Opiophilia is a love of opioids, This blog is devoted to everything in the world of opioids, and the people who love them. It is also my wish to portray an accurate picture of opioid users, the good, bad and ugly, without hysterics or demagoguery. Also included a is information on harm reduction, opinion pieces and the occasional rant.
Sunday, September 30, 2012
New Book on Opium Gets Its Facts Wrong
A new book titled Opium Fiend: A 21st Century Slave to a 19th Century Addiction by Steve Martin has been recently published. Martin is a collector of opium smoking paraphernalia and has an online museum [Link] that has some cool pictures of opium pipes, dens and smokers. I haven't read the book but based on this interview with Collectors Weekly [Link], it seems Martin is woefully uneducated about the basic pharmacology of opium.

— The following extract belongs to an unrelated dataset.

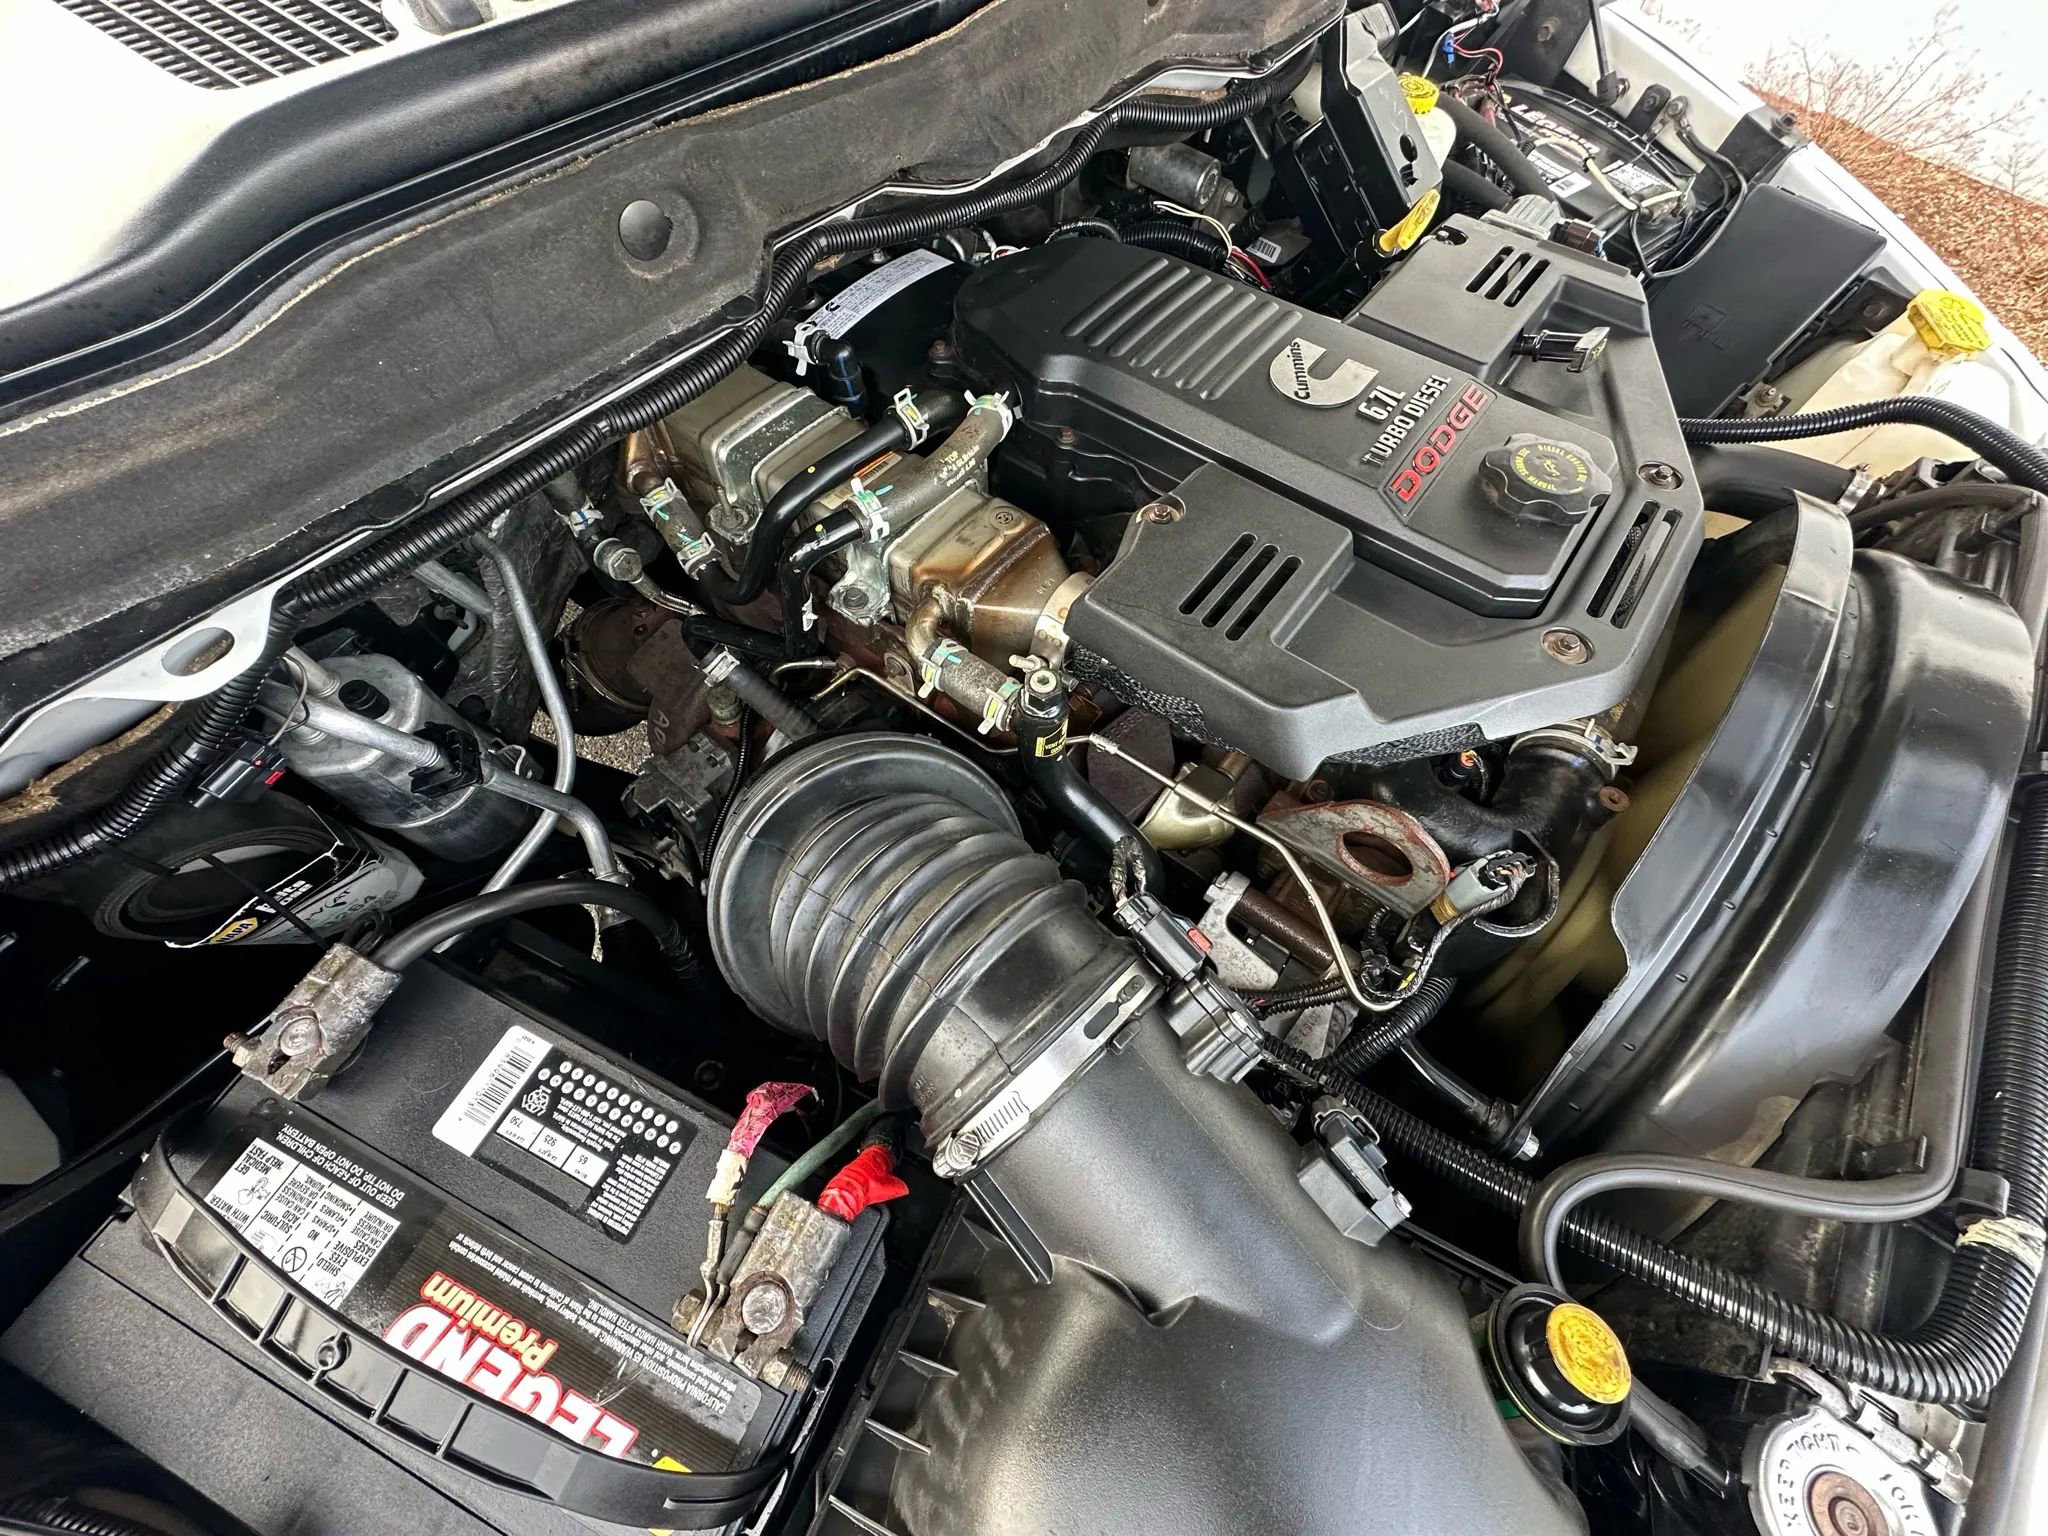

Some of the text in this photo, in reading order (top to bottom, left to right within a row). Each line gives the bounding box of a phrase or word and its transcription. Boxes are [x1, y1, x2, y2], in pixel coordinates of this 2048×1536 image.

Take the following quotes for example:
"The interesting thing about opium is that until the Chinese invented this system for vaporization—sometime in the 18th century—there was no pleasurable way to ingest opium. People were eating it. People were smoking it, mixed with tobacco. But eating it causes really bad side effects, the worst being constipation for weeks. And burning it destroys certain alkaloids in the opium that make the intoxication enjoyable."
"Then a Chinese inventor whose name is completely lost to history came up with a system for vaporizing it. That invention opened the door for opium to become a recreational drug. Suddenly, all the bad side effects were lessened. Vaporizing opium takes out a lot of the morphine content, which is the thing that makes you feel stupefied and out of it. Good-quality opium, smoked with the proper accoutrements, is energizing. It doesn’t put you on the floor. Well, you’re lying on the floor to do the actual smoking, but that’s just because it’s the most comfortable position to hold the pipe over the lamp."

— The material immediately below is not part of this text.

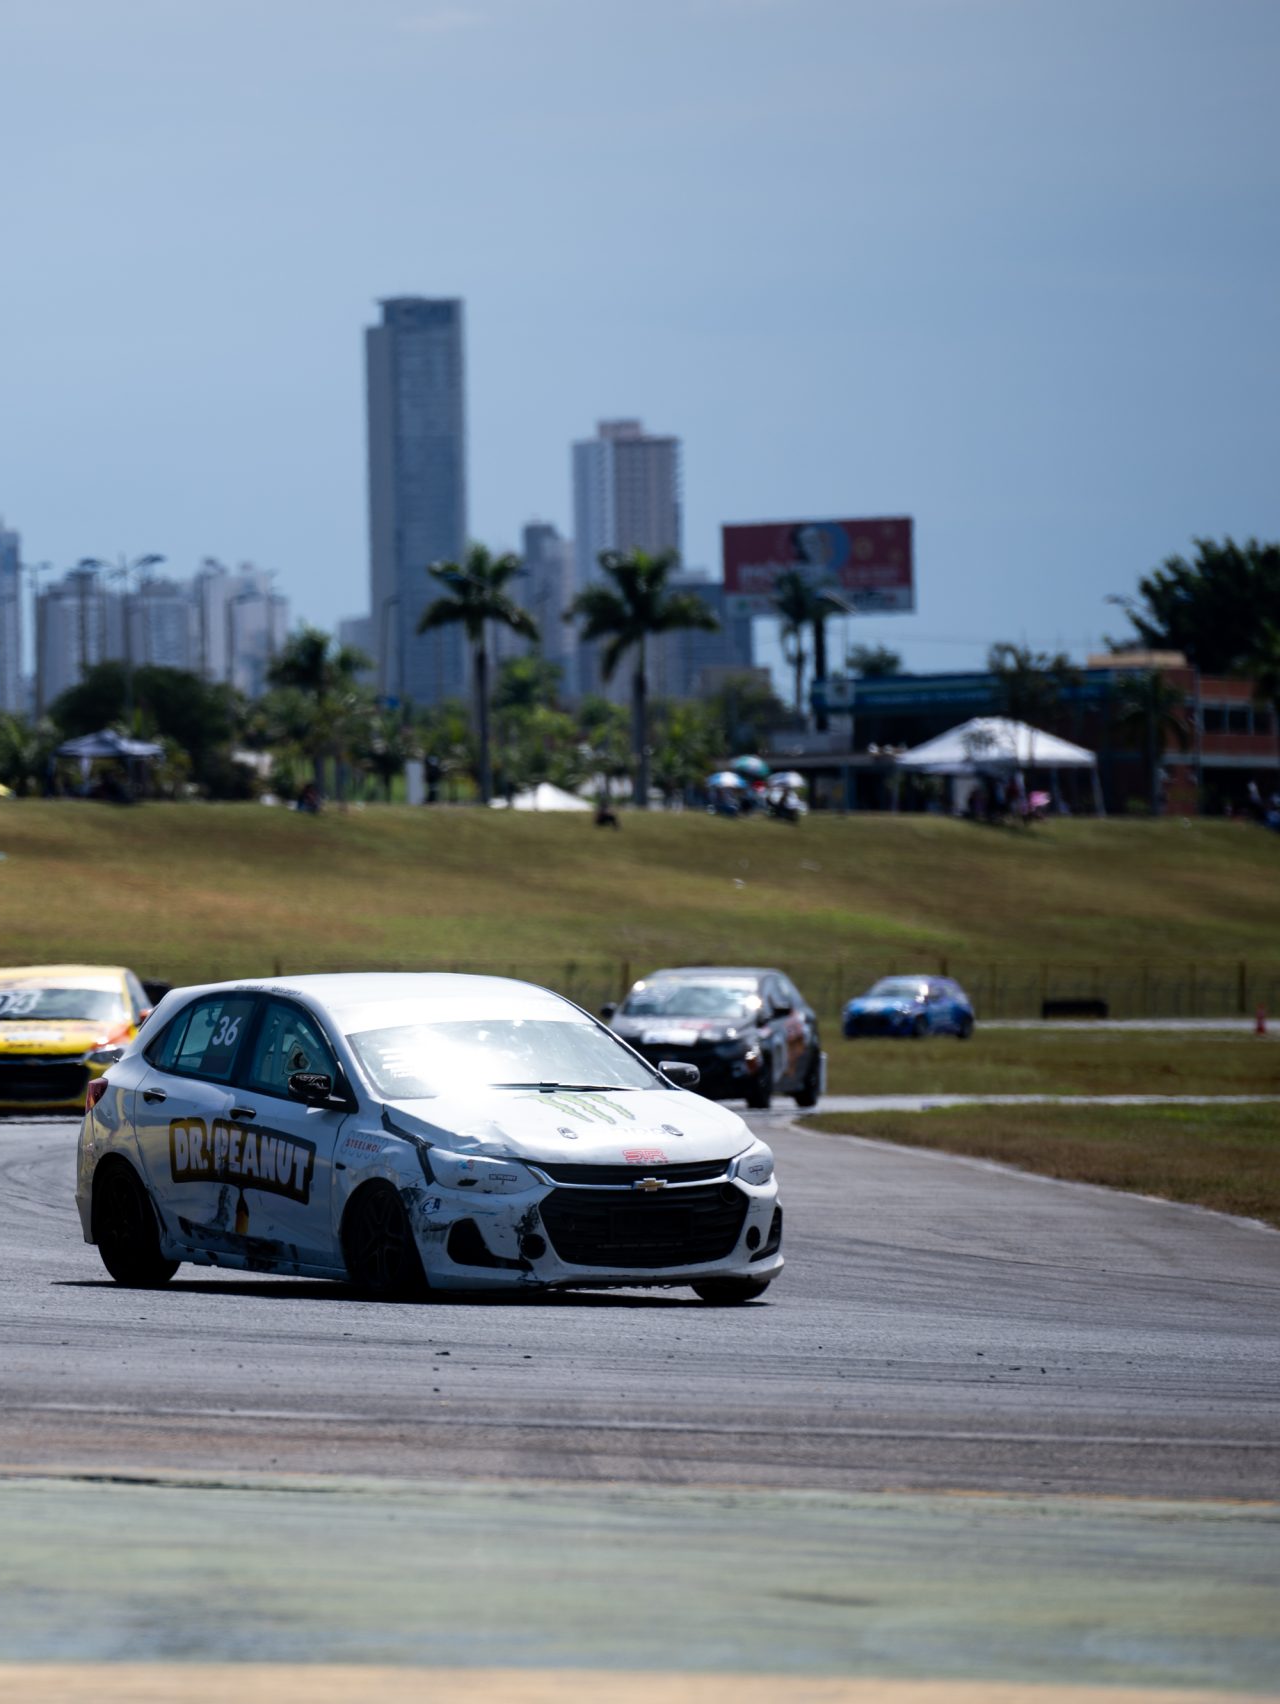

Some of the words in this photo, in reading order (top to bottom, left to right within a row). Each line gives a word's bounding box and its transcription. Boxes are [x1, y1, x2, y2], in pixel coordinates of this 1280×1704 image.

There are numerous alkaloids in opium the most important being morphine (and to a lesser extent codeine). Morphine is responsible for the majority of the effects of opium and while opium is not the same as morphine, opium minus the morphine is just not opium. It is like cannabis without THC or beer without alcohol. Opium is just as active when eaten, brewed into a tea, taken as an alcoholic tincture (laudnum) or smoked. The route of administration does have some impact on the drug experience, but not in the way Martin describes. Eating it does not cause "really bad side effects" that can be countered by smoking. Constipation is a side effect of morphine that cannot be avoided by smoking it. While its true that vaporizing opium "takes out" (degrades from the heat) some of the morphine, a lot of morphine is also lost (not absorbed) when opium is eaten. Opium was a popular recreational drug and medicine long before the 18th century.

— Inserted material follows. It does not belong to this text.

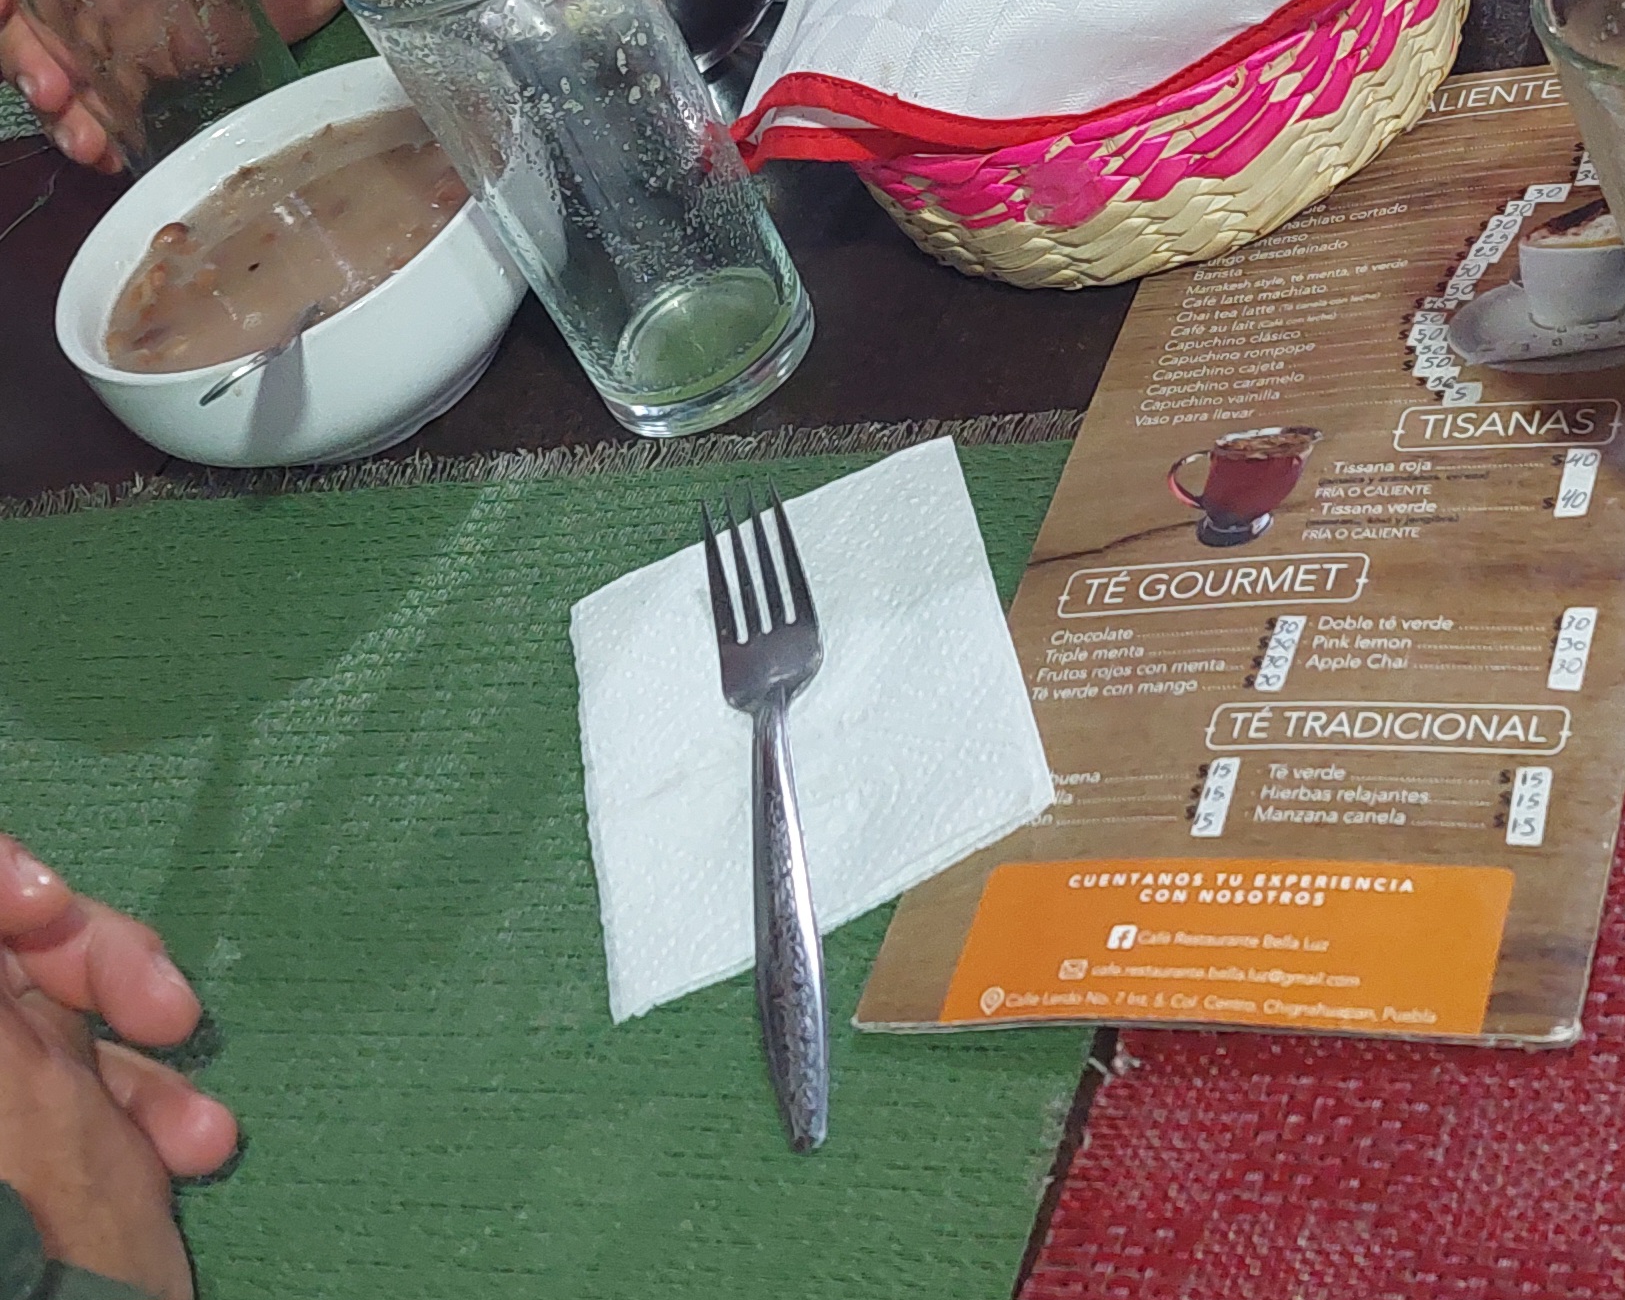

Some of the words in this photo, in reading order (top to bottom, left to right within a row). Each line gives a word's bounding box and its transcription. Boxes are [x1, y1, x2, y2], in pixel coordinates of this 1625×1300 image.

The most egregious error comes from this line in the book description: "At once a powerful personal story and a fascinating historical survey, Opium Fiend brims with anecdotes and lore surrounding the drug that some have called the methamphetamine of the nineteenth-century."
Methamphetamine and opium are about as different as two drugs can be. Methamphetamine is a stimulant, opium a narcotic analgesic. Martin may have put together a nice collection of opium smoking images, but if this is the results of "years of intensive research" he should go back to school.